Propionibacterium acnes (P. acnes) is a facultative anaerobic gram positive rod shaped bacterium indigenous to mucosal surfaces and a member of the skin flora found on most healthy adults [42]. P. acnes typically exploit a commensal human relationship, but recent awareness of its pathogenic capacity has implications of an opportunistic pathogen [43]. An act of complicity was established when cultured lymph node biopsy homogenates tested positive for P. acnes in 78% of sarcoidosis tissue while only testing positive in 21% of non-sarcoidosis tissue [44,45]. Isolation of P. acnes was the first step in unraveling its etiological role; however, detection of P. acnes in 21% of non-sarcoidosis tissue samples leads to speculation about its granuloma inducing potential [45].

A minimum of 500 P. acnes colony forming units was detected in lung and lymph node (mediastinal, gastric and intestinal) tissues of patients with diseases other than sarcoidosis, which questions its true pathogenicity [46]. Injecting P. acnes into sensitized rats caused granuloma formation [47]. Additionally, at the cellular level sarcoidosis patient BAL cells exhibit evidence of a hypersensitive reaction to P. acnes extract denoted by increased proliferation and increased IL-2 production primarily by alveolar lymphocytes [48-51]. Implementing an ELISA system, increased IL-6 secretion from alveolar macrophages was detected in 33% of sarcoidosis patients upon stimulation with P. acnes [49]. Alveolar macrophages are also the primary cells which secrete IL-1 and TNF-α cytokines in sarcoidosis granulomas [52]. Analysis of BAL cells by qPCR detected P. acnes in 70% of sarcoidosis patients and in 23% of non-sarcoidosis patients; however, in situ localization detected P. acnes in alveolar macrophages only [53].

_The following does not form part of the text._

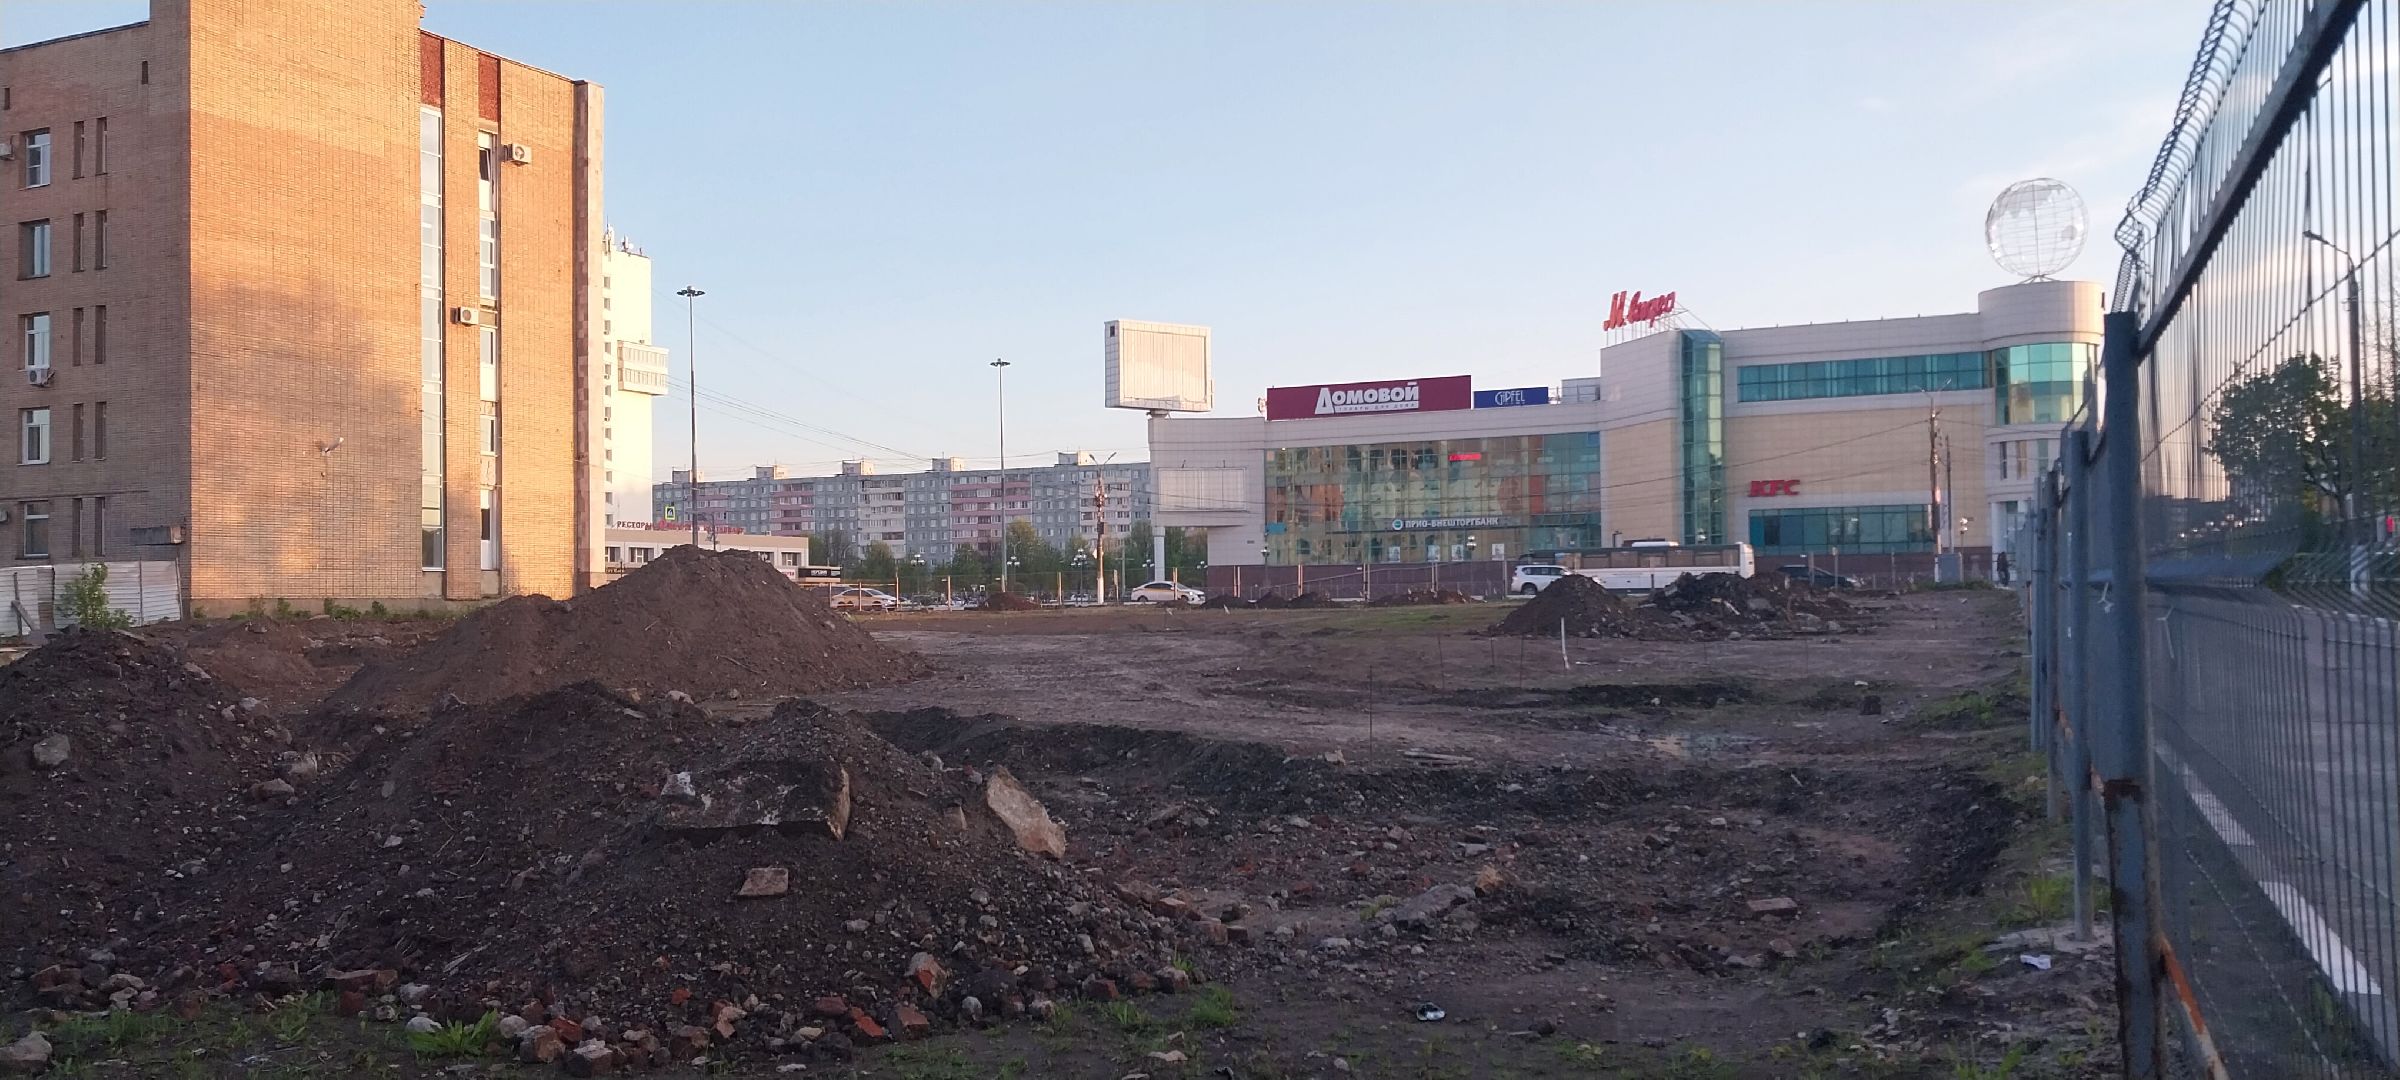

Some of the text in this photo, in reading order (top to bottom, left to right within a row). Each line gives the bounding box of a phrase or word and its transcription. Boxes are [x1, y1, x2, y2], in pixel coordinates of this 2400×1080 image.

[1314, 381, 1419, 415] ДОМОВОЙ
[1748, 479, 1801, 497] KFC
[1405, 517, 1499, 529] ПРИО-ВНЕШТОРГБАНК

To combat possible contamination of cultured isolates with commensal P. acnes and to overcome the slow growth delay typically associated with bacteria culturing, additional immunological and molecular mechanisms were utilized.Using quantitate PCR analysis, detection of Propionibacterium species yielded varying results from 0-80% detection in sarcoidosis patients to 0-30% in control patients [54-56]. Without 100% detection of P. acnes in sarcoidosis patients additional quantitative analysis detected P. granulosum in 60% of sarcoidosis patients, including those with undetectable P. acnes [56]. Detection oftwo different Propionibacterium species in conjunction with detection of mycobacterium in three sarcoidosis patients indicates multiple bacteria may be capable of eliciting a granuloma forming response [56].

Although contamination of samples has been minimized by utilizing qPCR analysis for 16s rRNA, primer specificity may provide challenges with shared phylogeny between P. avidium and P. acnes [57]. Comparative data analysis using qPCR and in situ hybridization established a link between indigenous P. acnes and sarcoidosis [2]. Utilizing control and sarcoidosis lymph nodes subject to qPCR and in situ hybridization showed a correlation in increased 16s rRNA expression and in granulomatous signal localization [2]. With P. acnes implicated as a granuloma inducing bacterium in sarcoidosis a target antigen eliciting immune response was sought.

A Th1 inducing antigen elucidated using sarcoidosis patient’s serum screened against a λgtll genomic DNA library of P. acnes was P. acnes unique recombinant protein (RP 35), which is a fragment of trigger factor protein [58]. Additionally, increases in RP35 antibodies, specifically increases in IgG and IgA of 18% and 39% respectively were seen in sarcoidosis patients BAL [58]. Continuing this momentum by comparative analysis of sarcoidosis against healthy controls was Furusawa et. al who reported P. acnes stimulation of PBMC increased IL-2 and IL-12 mRNA expression while decreasingIL-17 mRNA [59].

Genetics

Although sarcoidosis shows characteristic histological patterns, its pathophysiology may be linked to genetic predisposition of specific Human Leukocyte Antigen (HLA) polymorphisms, T-cell preprogrammed and memory responses, as well as antigen specificity [60]. Efforts have focused on HLA polymorphisms that increase sarcoidosis susceptibility or provide protection; however HLA associated candidates have also drawn attention (Table 1).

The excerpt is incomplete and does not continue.